**Brief**
The result should be the listing below restated word for word, with images left out.

++++++++++

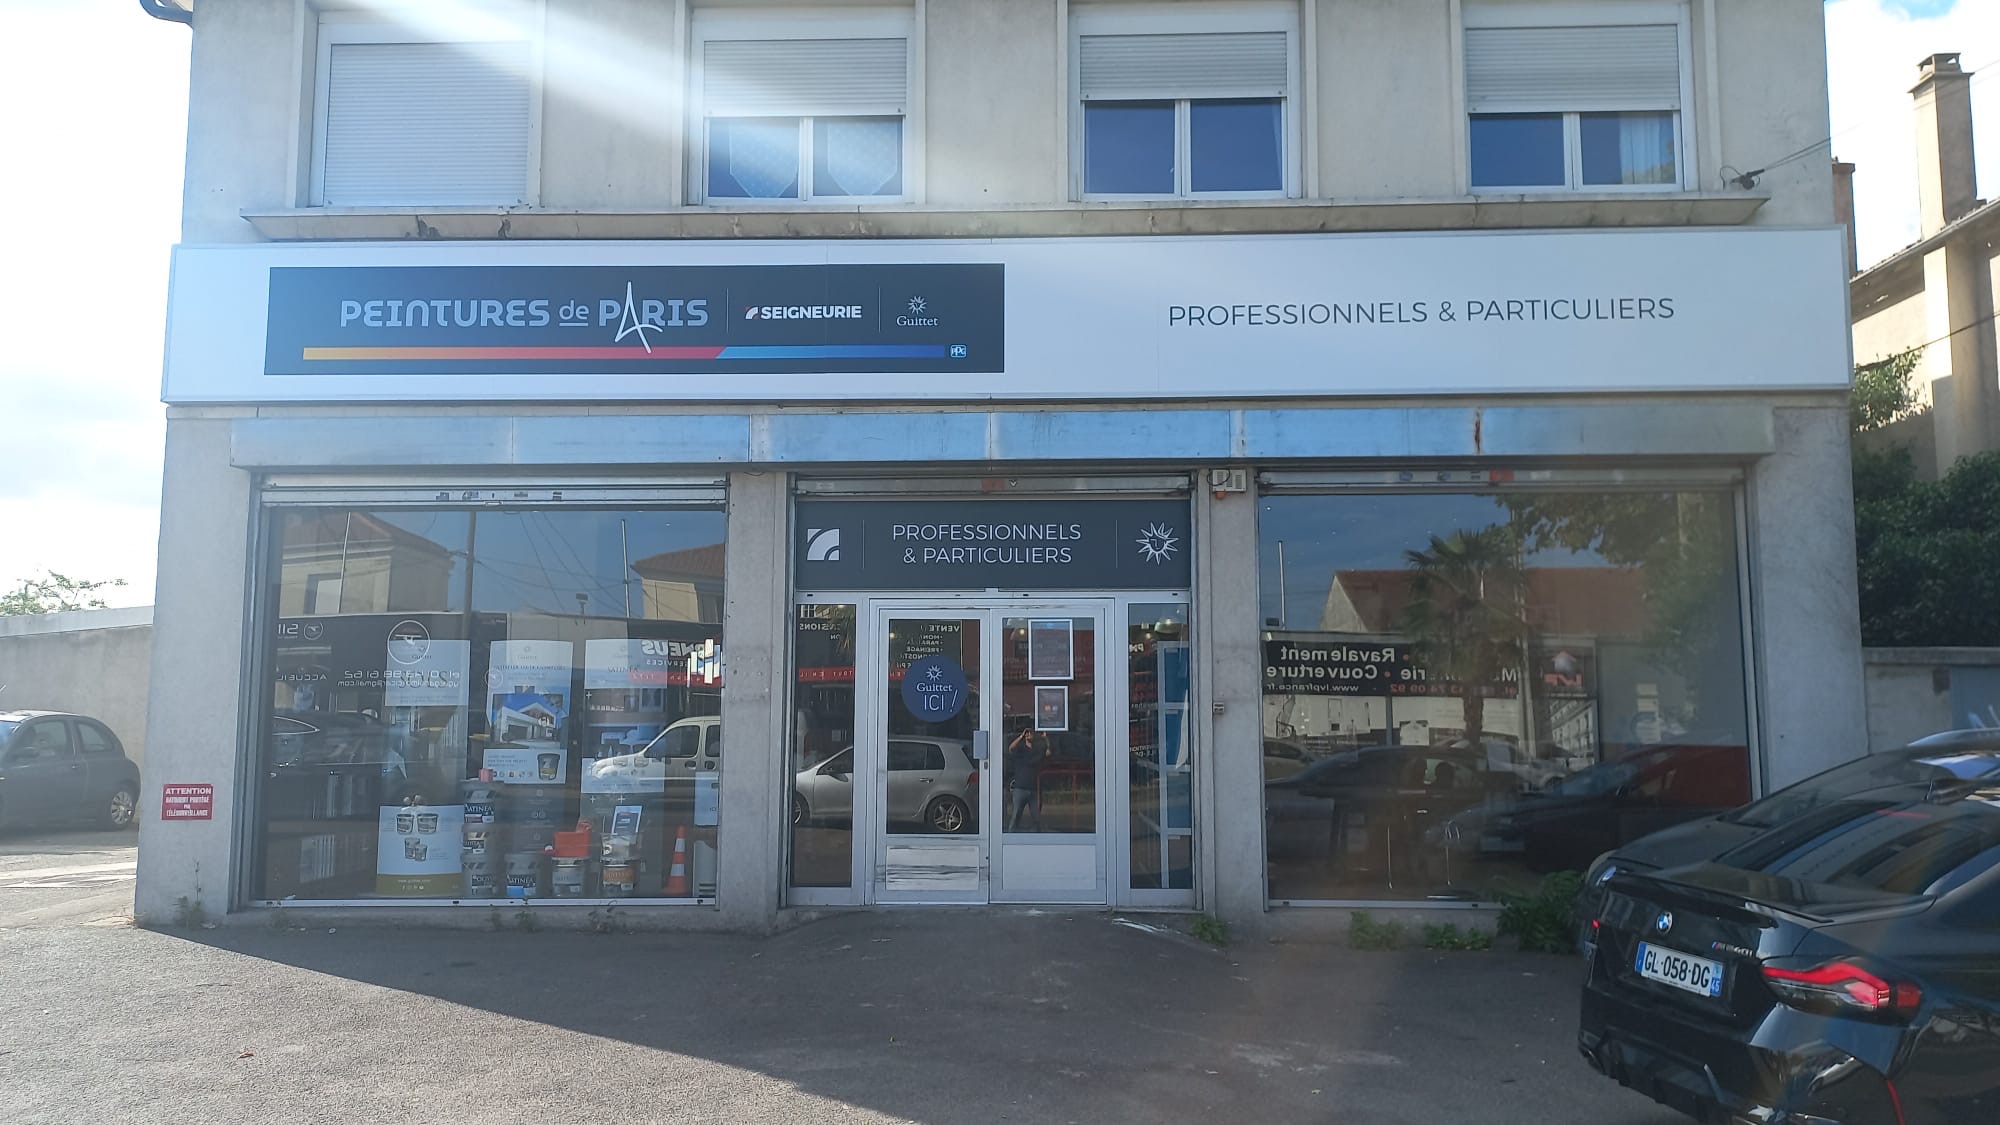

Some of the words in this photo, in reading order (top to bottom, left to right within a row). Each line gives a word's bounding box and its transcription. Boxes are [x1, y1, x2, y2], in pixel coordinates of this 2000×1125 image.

[341, 299, 550, 328] PEINTURES
[559, 300, 590, 326] de
[599, 281, 710, 353] PARIS
[760, 305, 862, 320] SEIGNEURIE
[1168, 301, 1428, 327] PROFESSIONNELS
[1438, 301, 1457, 322] &
[1466, 297, 1675, 321] PARTICULIERS
[896, 316, 938, 327] Guittet
[893, 523, 1081, 541] PROFESSIONNELS
[903, 547, 917, 564] &
[923, 547, 1072, 563] PARTICULIERS
[916, 682, 953, 692] Guittet
[924, 694, 944, 711] ICI
[165, 787, 212, 795] ATTENTION
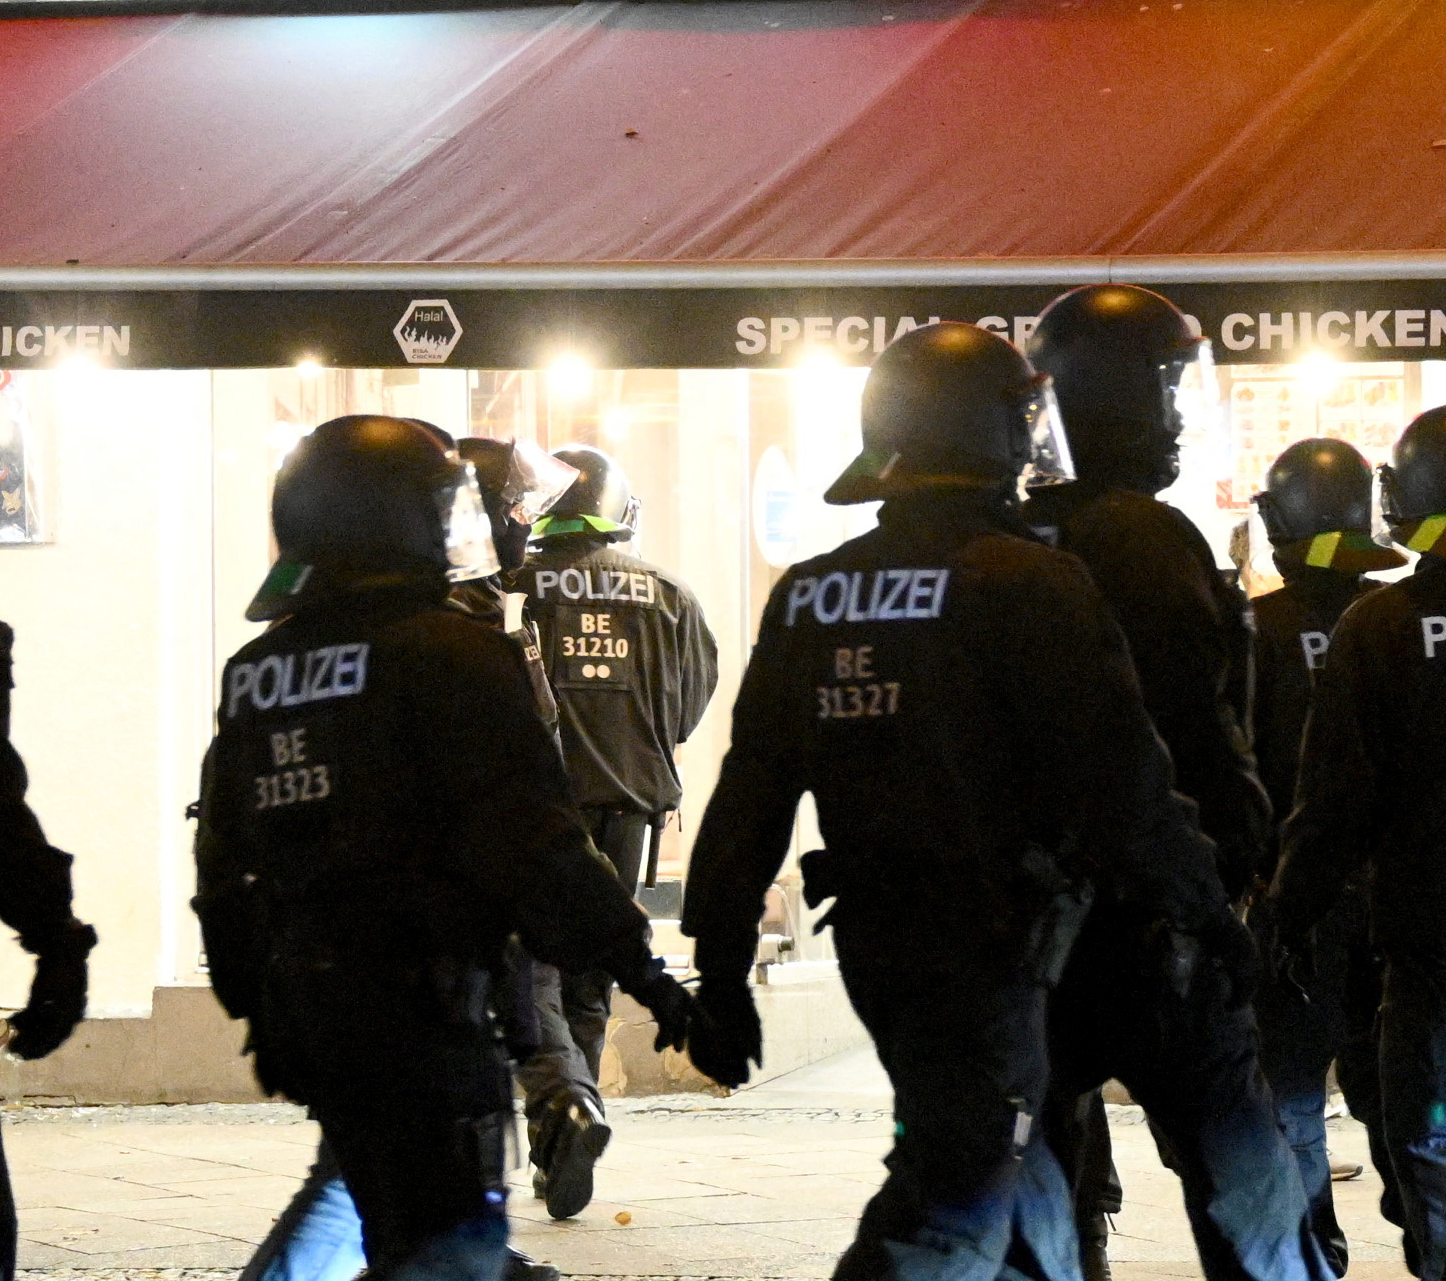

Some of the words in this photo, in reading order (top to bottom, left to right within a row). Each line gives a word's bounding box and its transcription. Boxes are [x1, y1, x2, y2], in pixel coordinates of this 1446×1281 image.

[415, 310, 444, 322] Halal
[535, 568, 655, 604] POLIZEI
[785, 568, 950, 627] POLIZEI
[581, 613, 611, 634] BE
[562, 636, 629, 659] 31210
[834, 645, 876, 679] BE
[227, 643, 371, 718] POLIZEI
[816, 682, 900, 719] 31327
[271, 728, 307, 766] BE

++++++++++

**Reply to the task**
Some of the words in this photo, in reading order (top to bottom, left to right within a row). Each line gives a word's bounding box and its transcription. Boxes are [x1, y1, x2, y2], in pixel coordinates of this 2000×1125 image.

[341, 299, 550, 328] PEINTURES
[559, 300, 590, 326] de
[599, 281, 710, 353] PARIS
[760, 305, 862, 320] SEIGNEURIE
[1168, 301, 1428, 327] PROFESSIONNELS
[1438, 301, 1457, 322] &
[1466, 297, 1675, 321] PARTICULIERS
[896, 316, 938, 327] Guittet
[893, 523, 1081, 541] PROFESSIONNELS
[903, 547, 917, 564] &
[923, 547, 1072, 563] PARTICULIERS
[916, 682, 953, 692] Guittet
[924, 694, 944, 711] ICI
[165, 787, 212, 795] ATTENTION

Some of the words in this photo, in reading order (top to bottom, left to right within a row). Each line gives a word's bounding box and its transcription. Boxes are [x1, y1, x2, y2], in pixel coordinates of this 1446×1281 image.

[415, 310, 444, 322] Halal
[535, 568, 655, 604] POLIZEI
[785, 568, 950, 627] POLIZEI
[581, 613, 611, 634] BE
[562, 636, 629, 659] 31210
[834, 645, 876, 679] BE
[227, 643, 371, 718] POLIZEI
[816, 682, 900, 719] 31327
[271, 728, 307, 766] BE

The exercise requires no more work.